D’Alema garantista ma per sé

Massimo D’Alema, toccato nel vivo, dice, oggi, sull’Unità, quello che ci saremmo aspettati che avesse detto nei quattordici anni che ci precedono e che partono dal fatidico ’92, Tangentopoli e dintorni.
Cosa dice? Il presidente Ds fa una requisitoria da garantista allo stato puro. «Siamo l’unico Paese al mondo - afferma D’Alema - in cui leggendo su un giornale di proprietà della famiglia del premier la trascrizione illegittima dell’intercettazione telefonica di un leader dell’opposizione, anziché scattare su e denunciare lo scandalo, l’attentato alla democrazia, si discute del contenuto delle telefonate».
Il giornale di cui parla D’Alema, se non fosse chiaro, è questo. Vorremmo solo far notare che i giornali che hanno pubblicato fiumi di intercettazioni non hanno mai avuto «bacchettate» dal signor D’Alema. Anche in questo si sveglia un po’ tardi. Ma andiamo al nocciolo della questione. Il garantismo sta proprio in questo: nel verificare sempre, non solo quando il fatto riguarda se stessi o persone che ci interessano, se prima ancora del contenuto si siano rispettate le forme, le procedure, i regolamenti, in una parola i diritti dell’accusato. Tutte forme che, nel diritto, sono sostanza. Questo D’Alema lo sa perfettamente, ma una cosa è saperlo e l’altra è farlo. Oggi lo fa, ma su se stesso.

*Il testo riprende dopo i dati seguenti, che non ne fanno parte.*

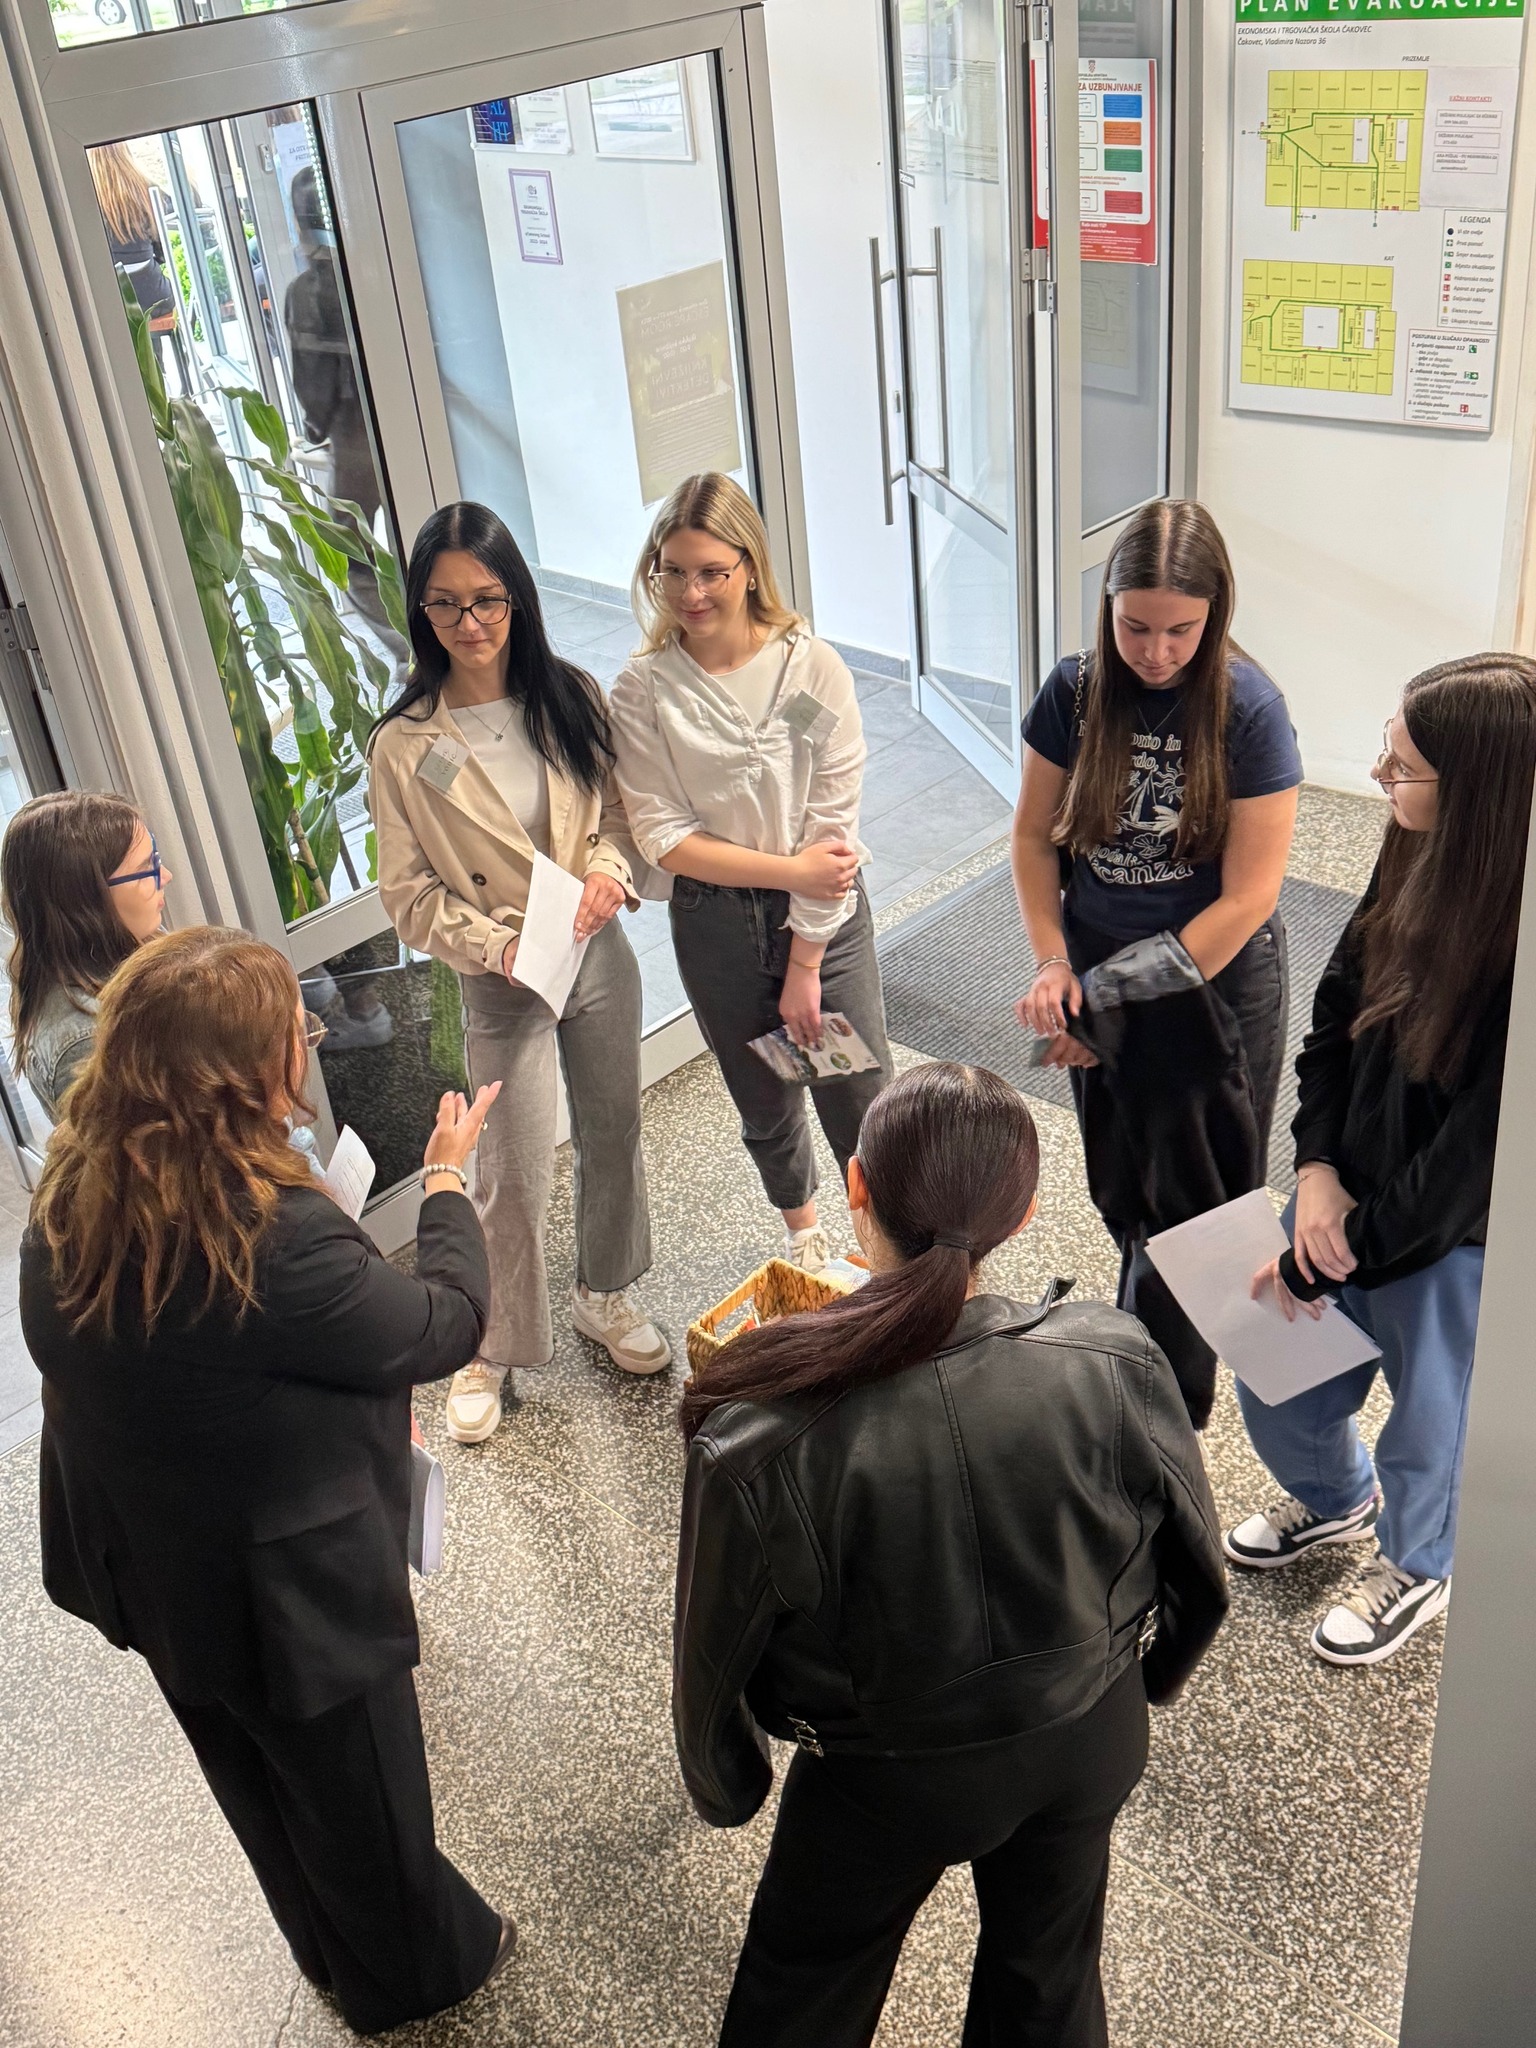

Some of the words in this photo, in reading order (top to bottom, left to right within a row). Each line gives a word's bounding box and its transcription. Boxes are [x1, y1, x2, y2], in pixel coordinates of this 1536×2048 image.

[1240, 0, 1309, 13] PLAN
[1238, 27, 1276, 35] EKONOMSKA
[1282, 26, 1320, 34] TRGOVAČKA
[1320, 25, 1340, 34] ŠKOLA
[1342, 24, 1372, 33] ČAKOVEC
[1088, 83, 1142, 92] UZBUNJIVANJE
[1460, 216, 1491, 224] LEGENDA
[1164, 734, 1182, 751] in
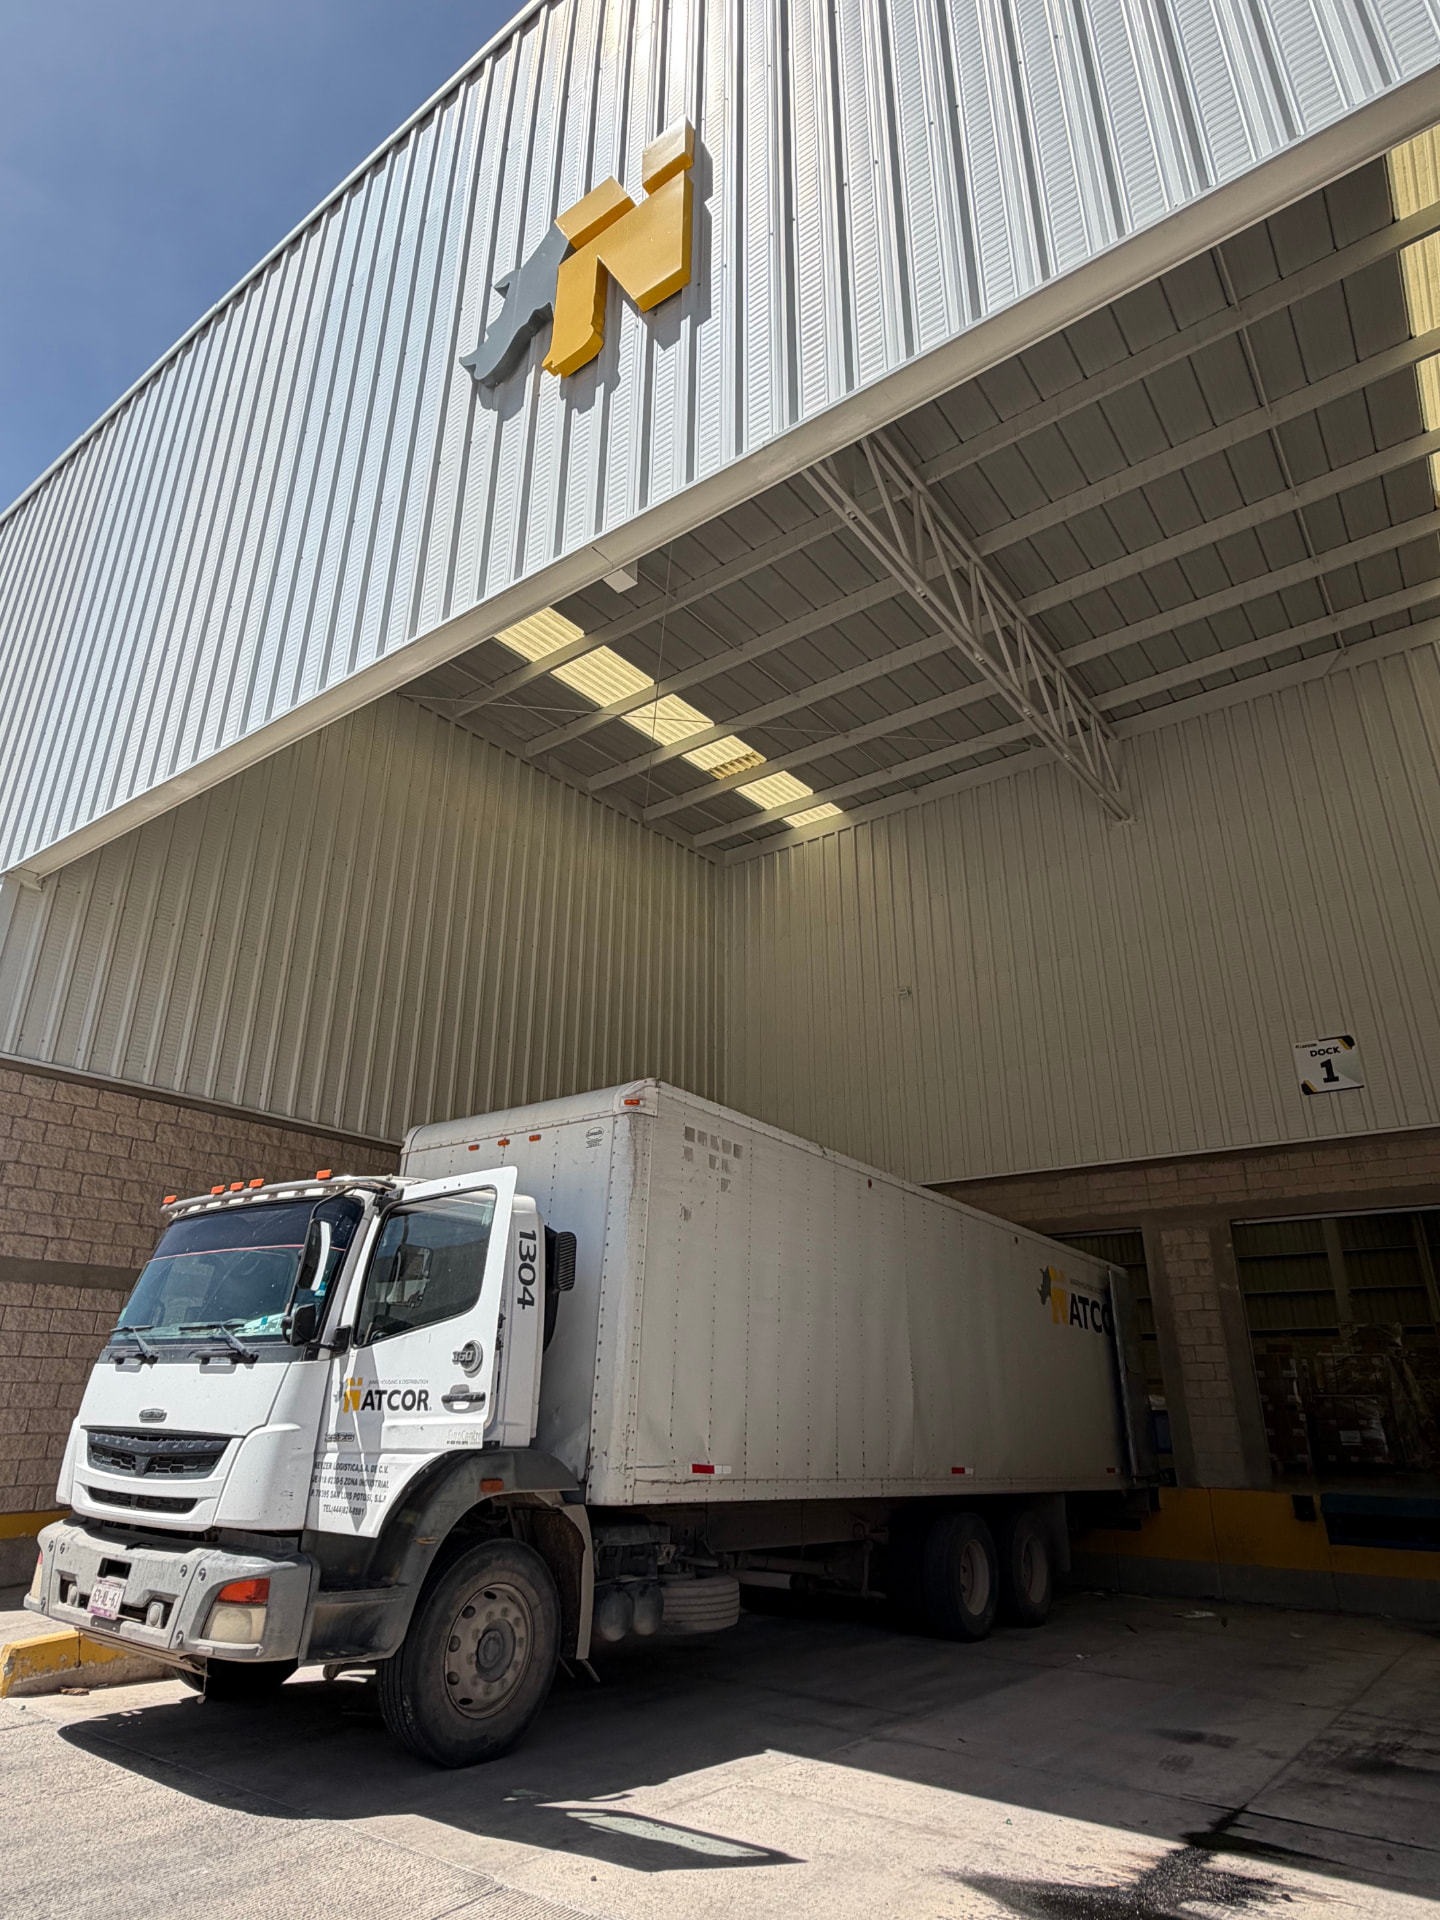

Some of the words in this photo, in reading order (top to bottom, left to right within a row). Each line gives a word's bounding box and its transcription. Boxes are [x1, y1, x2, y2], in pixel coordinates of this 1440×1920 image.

[1310, 1047, 1341, 1057] DOCK
[1320, 1059, 1339, 1083] 1
[517, 1230, 537, 1310] 1304

Per anni avremmo voluto non parlare subito dei contenuti dell’accusa ma gridare allo scandalo, «all’attentato alla democrazia» proprio perché il non rispetto delle forme è attentato alla democrazia. Anche qui il presidente dei Ds ha ragione, ma non solo per lui.
Evidentemente, in questo campo, non vale quella regola etica che è prima di ogni ideologia, che ha un’origine antica e che ha attraversato tutta la storia del pensiero umano. Si tratta della famosa regola d’oro: non fare agli altri ciò che non vorresti che fosse fatto a te. Alcuni l’hanno anche girata al positivo: fai agli altri ciò che vorresti che fosse fatto a te. Per la giustizia la regola d’oro è fondamentale perché, semplicemente, fa sì che ci siano alcune regole che vanno bene per tutti perché rappresentano l’interesse di tutti. È una logica originaria, semplicissima, anche un po’ utilitarista: rispetto le regole nella ragionevole certezza che le rispettino anche gli altri. Tra le regole ci sono le garanzie: il segreto istruttorio è una di esse. Ma anche qui: è colpevole il quotidiano che pubblica o forse prima sarebbe da condannare chi offre al giornale delle pagine che recano le trascrizioni delle intercettazioni illegittime?
La presunzione di innocenza che, certamente, tutti dicono di voler garantire ma, poi, ove la magistratura la violi, in pochi decidono di parlare perché, magari, la stessa magistratura ha colpito un nemico. Il garantismo non consente di sgarrare perché lo sgarro, molte volte (ed è il caso di Massimo D’Alema), ricade su se stesso.
Attendiamo fiduciosi la prossima occasione nella quale sarà colpito dalla stessa circostanza un «nemico» di D’Alema. Vedremo cosa dirà. Vedremo cosa farà. Vedremo se e cosa dichiarerà. A noi, lo abbiamo già scritto, della sua barca, dei suoi mutui non interessa un fico secco: faccia quel che vuole e ne parli con la sua base, con quelli che scrivono le lettere contro di lui all’Unità.

La cosa non ci riguarda.
Ciò che ci riguarda sono solo le regole che devono valere per tutti e il rispetto delle garanzie è una di esse. Il Giornale su questo si batte da tanti anni, anche quando l’onorevole D’Alema tergiversava o taceva.